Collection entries

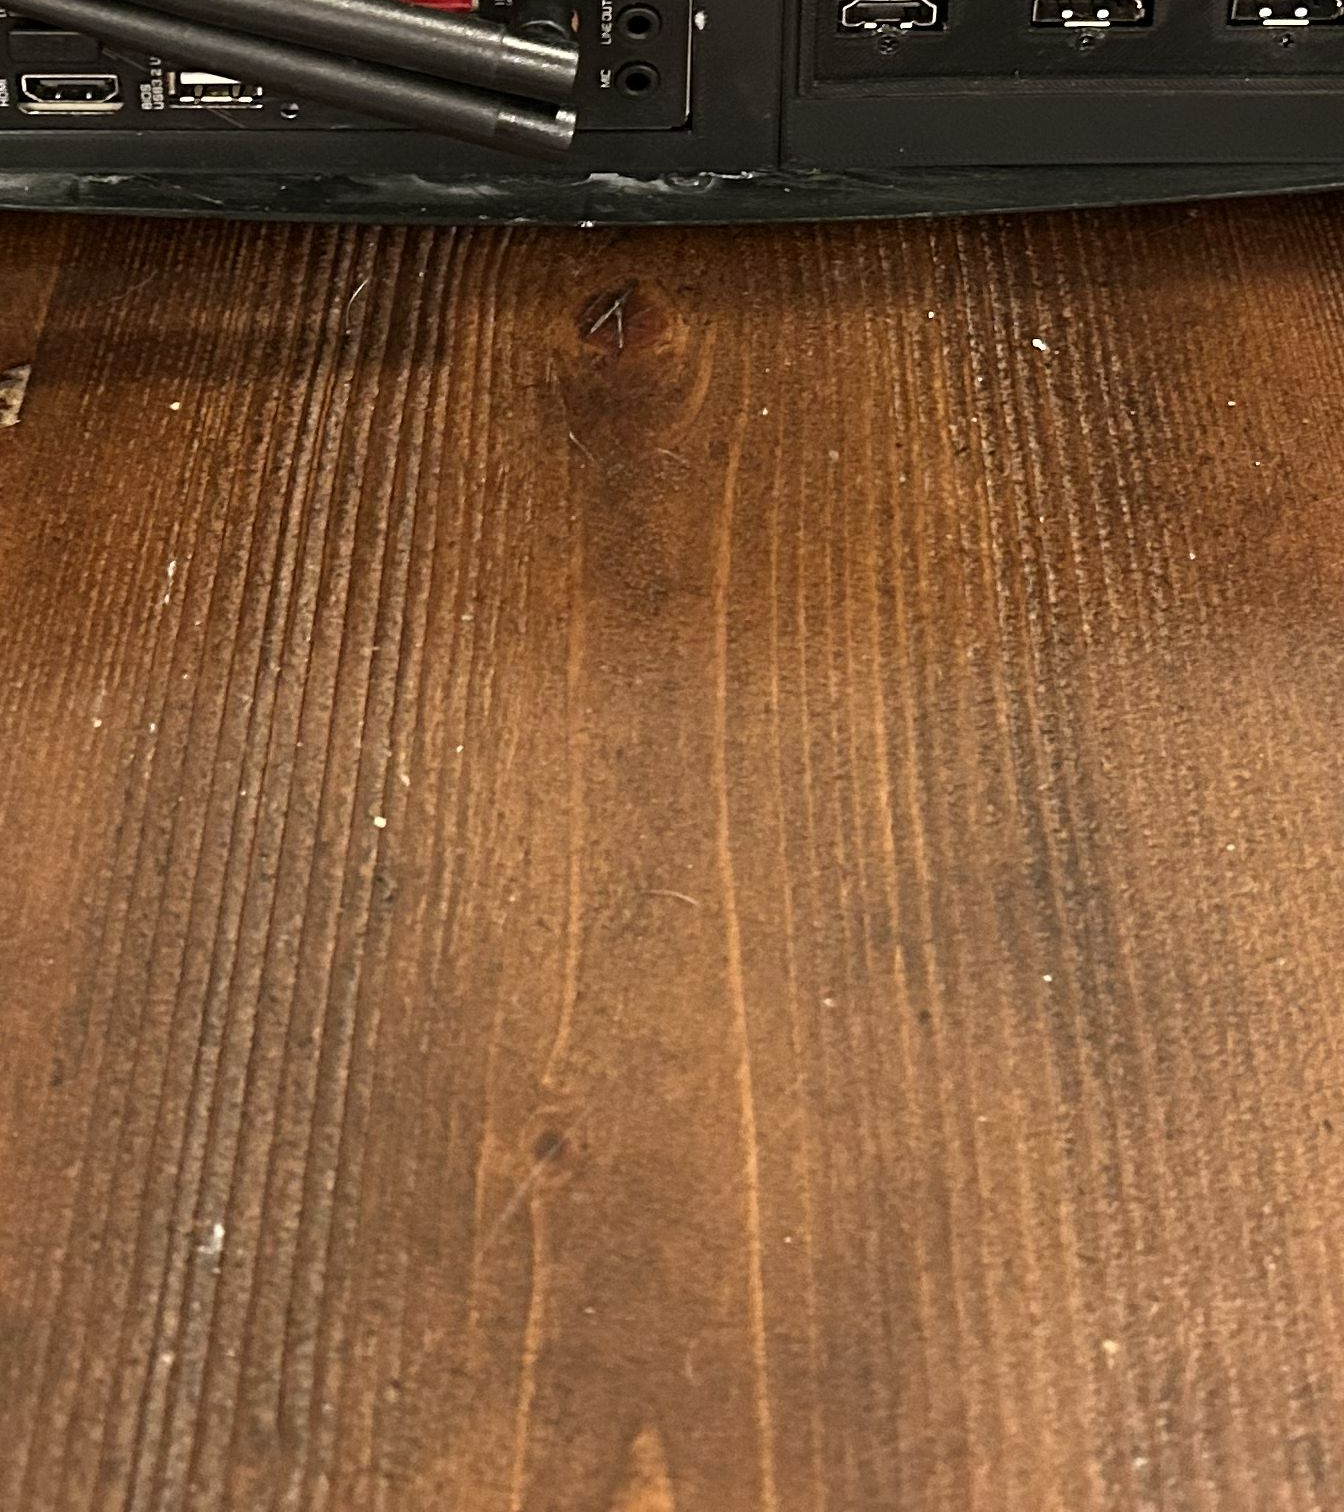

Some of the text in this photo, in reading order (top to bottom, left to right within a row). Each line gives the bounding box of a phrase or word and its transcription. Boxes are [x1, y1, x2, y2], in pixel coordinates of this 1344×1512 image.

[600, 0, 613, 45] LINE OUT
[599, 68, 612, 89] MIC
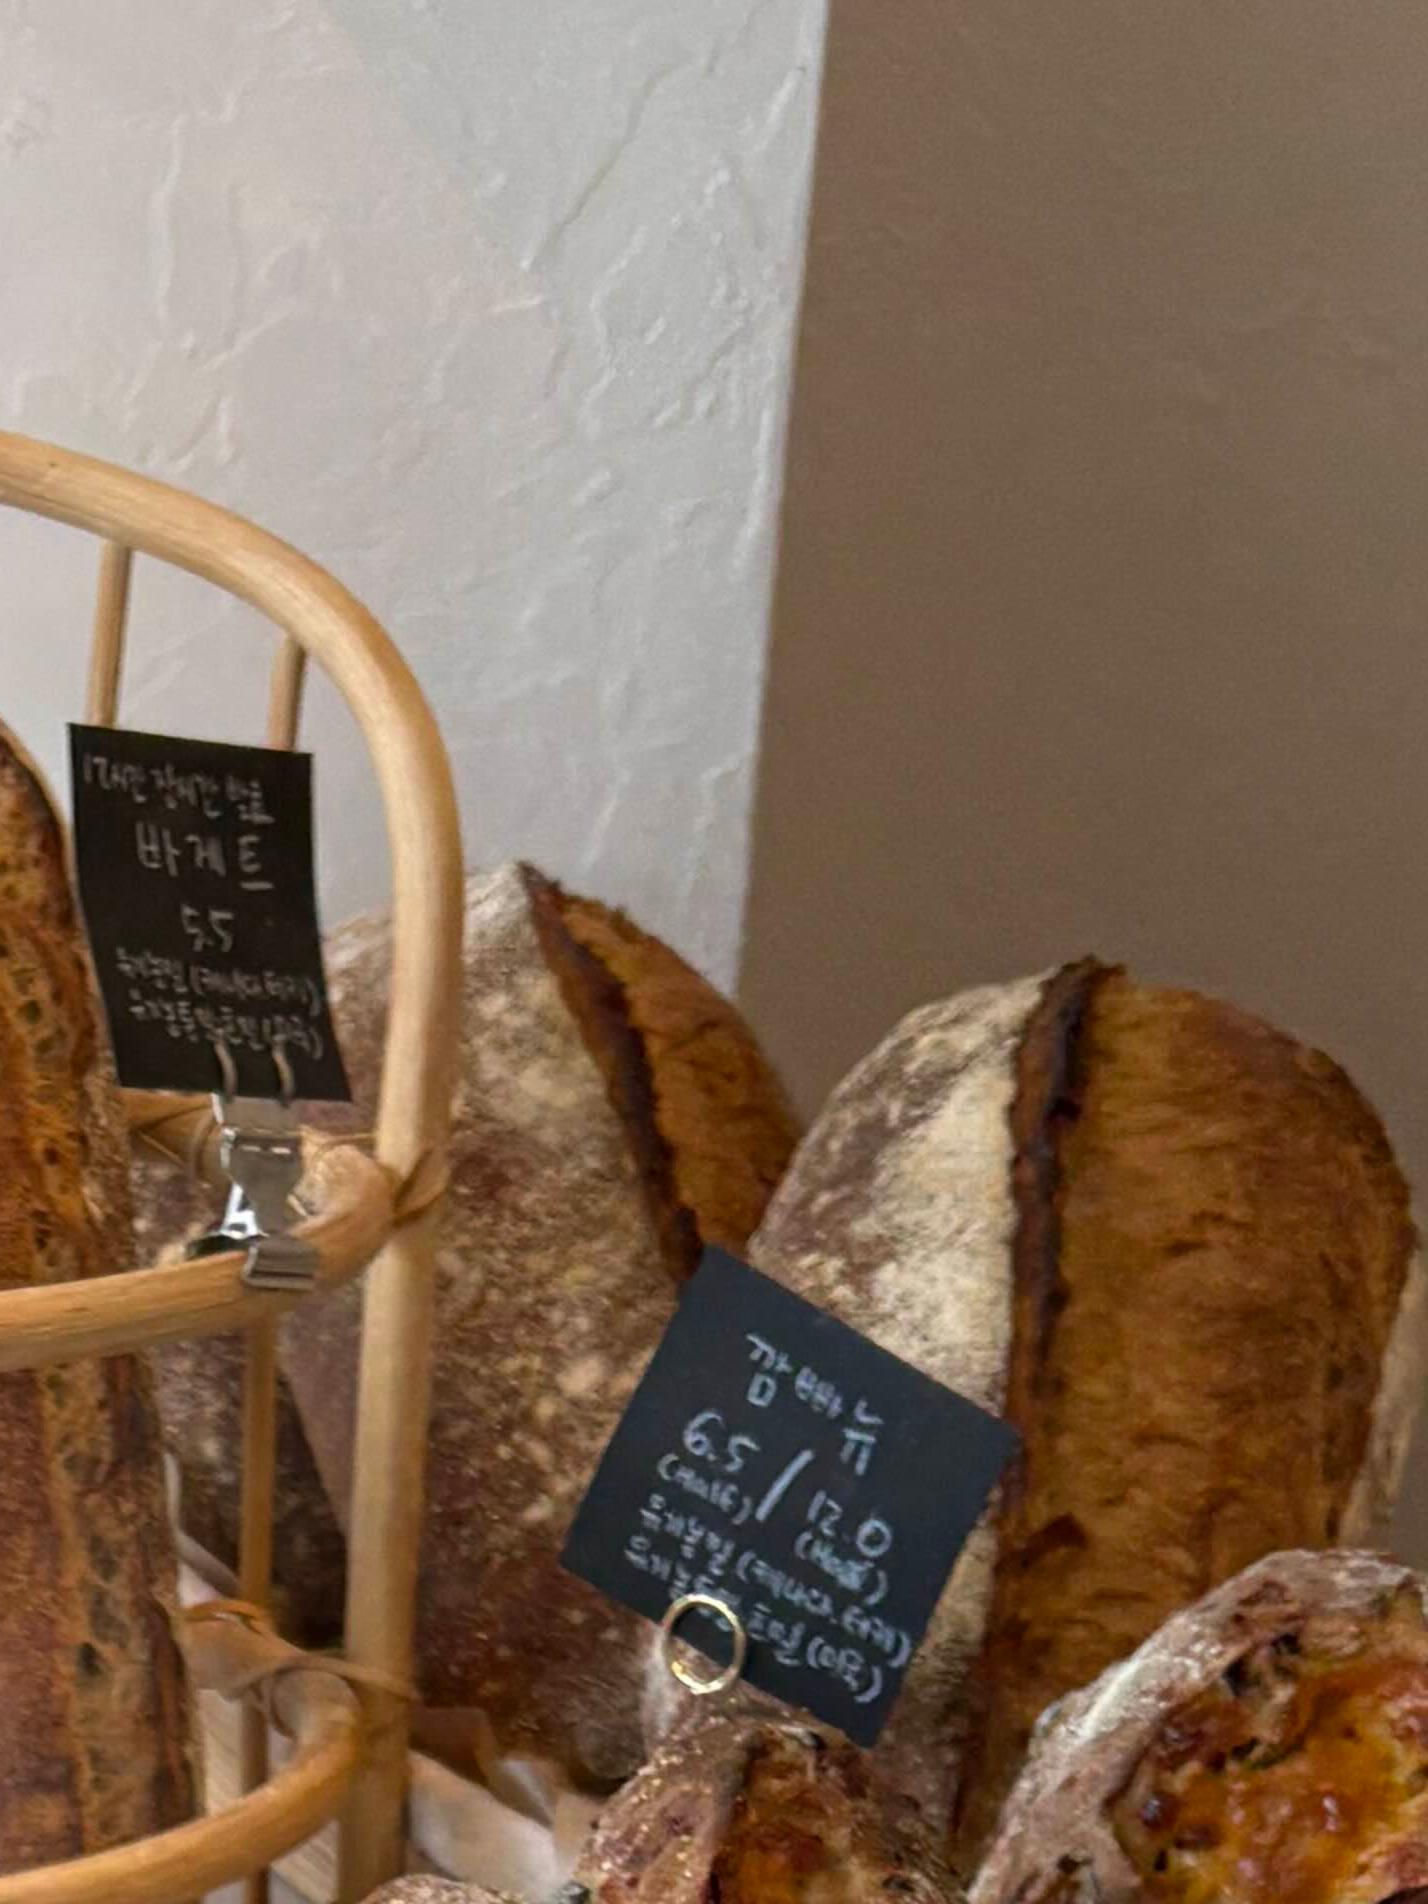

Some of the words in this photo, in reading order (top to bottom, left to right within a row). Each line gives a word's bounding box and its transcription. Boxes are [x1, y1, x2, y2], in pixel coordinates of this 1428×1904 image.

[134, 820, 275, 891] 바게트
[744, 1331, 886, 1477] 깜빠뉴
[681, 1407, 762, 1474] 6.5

### [The problem]
The expected output is every line of the data, unchanged, with the pictures skipped.

### [Answer to this task]
Some of the text in this photo, in reading order (top to bottom, left to right within a row). Each line gives the bounding box of a phrase or word and its transcription. Boxes are [x1, y1, x2, y2], in pixel coordinates of this 1344×1512 image.

[600, 0, 613, 45] LINE OUT
[599, 68, 612, 89] MIC

Some of the words in this photo, in reading order (top to bottom, left to right within a row). Each line gives a word's bounding box and its transcription. Boxes are [x1, y1, x2, y2], in pixel coordinates of this 1428×1904 image.

[134, 820, 275, 891] 바게트
[744, 1331, 886, 1477] 깜빠뉴
[681, 1407, 762, 1474] 6.5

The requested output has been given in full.